◆ Data for this task
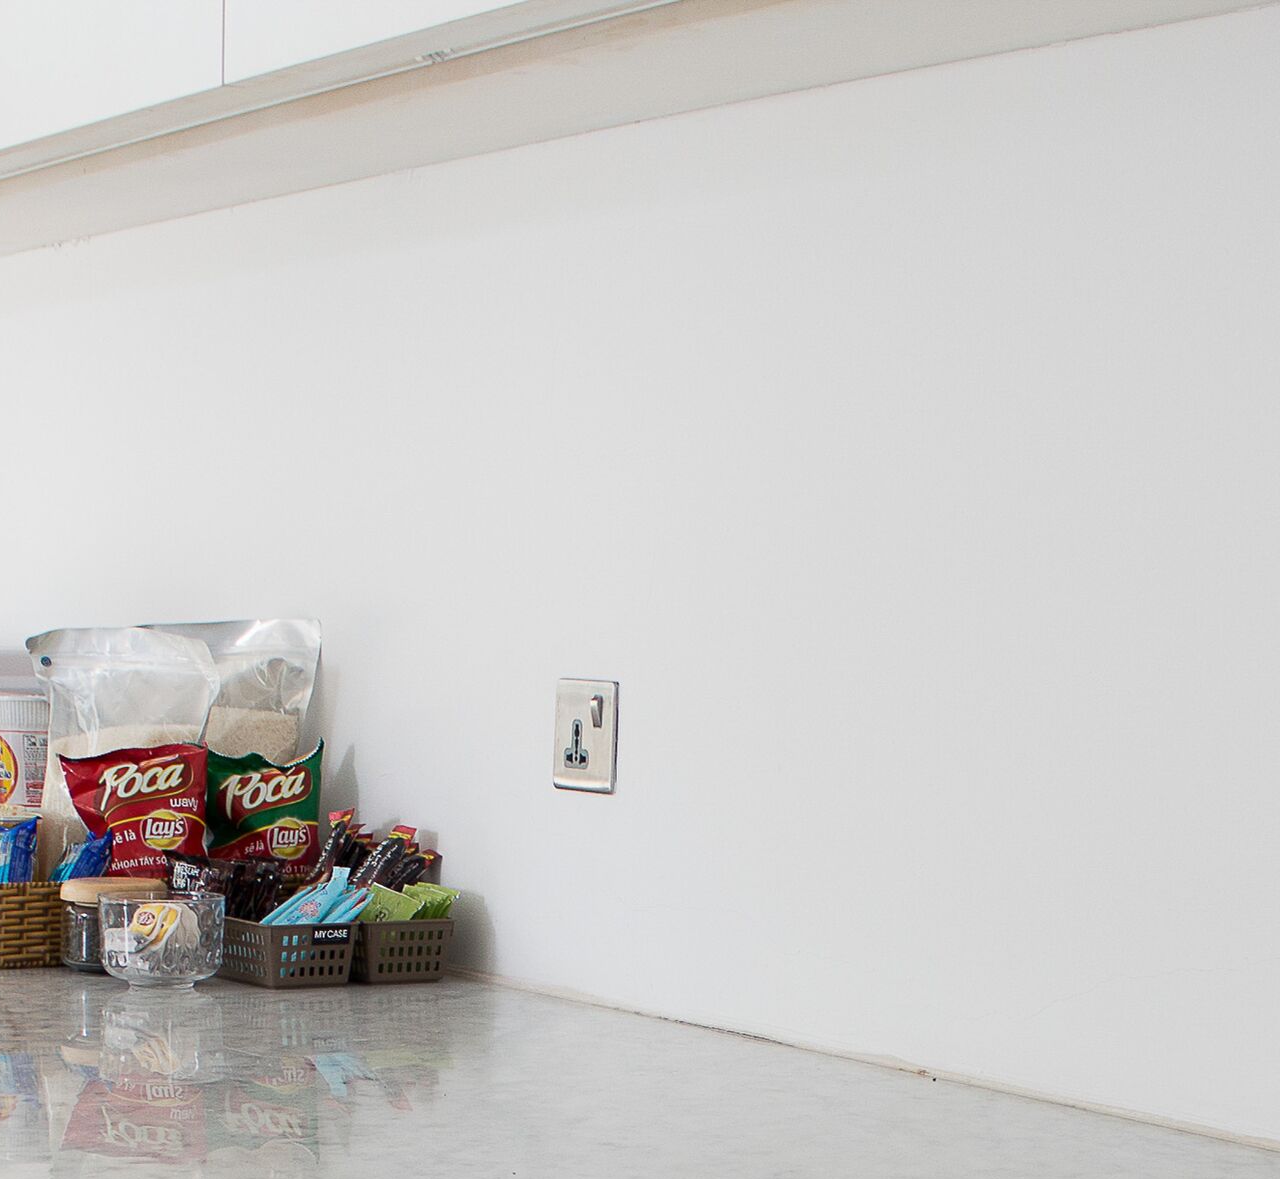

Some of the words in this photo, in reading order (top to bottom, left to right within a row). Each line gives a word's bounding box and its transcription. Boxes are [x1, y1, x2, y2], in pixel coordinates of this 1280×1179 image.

[98, 763, 185, 812] Poca
[220, 770, 306, 820] Poca
[169, 796, 199, 812] wavy
[145, 818, 185, 840] Lay's
[272, 825, 307, 849] Lay's
[111, 858, 139, 872] KHOAI
[314, 930, 327, 939] MY
[327, 929, 348, 939] CASE

◆ Exercise prompt
Your reply should hold every line of the material, unaltered, and not one picture.

◆ Solution
Some of the words in this photo, in reading order (top to bottom, left to right within a row). Each line gives a word's bounding box and its transcription. Boxes are [x1, y1, x2, y2], in pixel coordinates of this 1280×1179 image.

[98, 763, 185, 812] Poca
[220, 770, 306, 820] Poca
[169, 796, 199, 812] wavy
[145, 818, 185, 840] Lay's
[272, 825, 307, 849] Lay's
[111, 858, 139, 872] KHOAI
[314, 930, 327, 939] MY
[327, 929, 348, 939] CASE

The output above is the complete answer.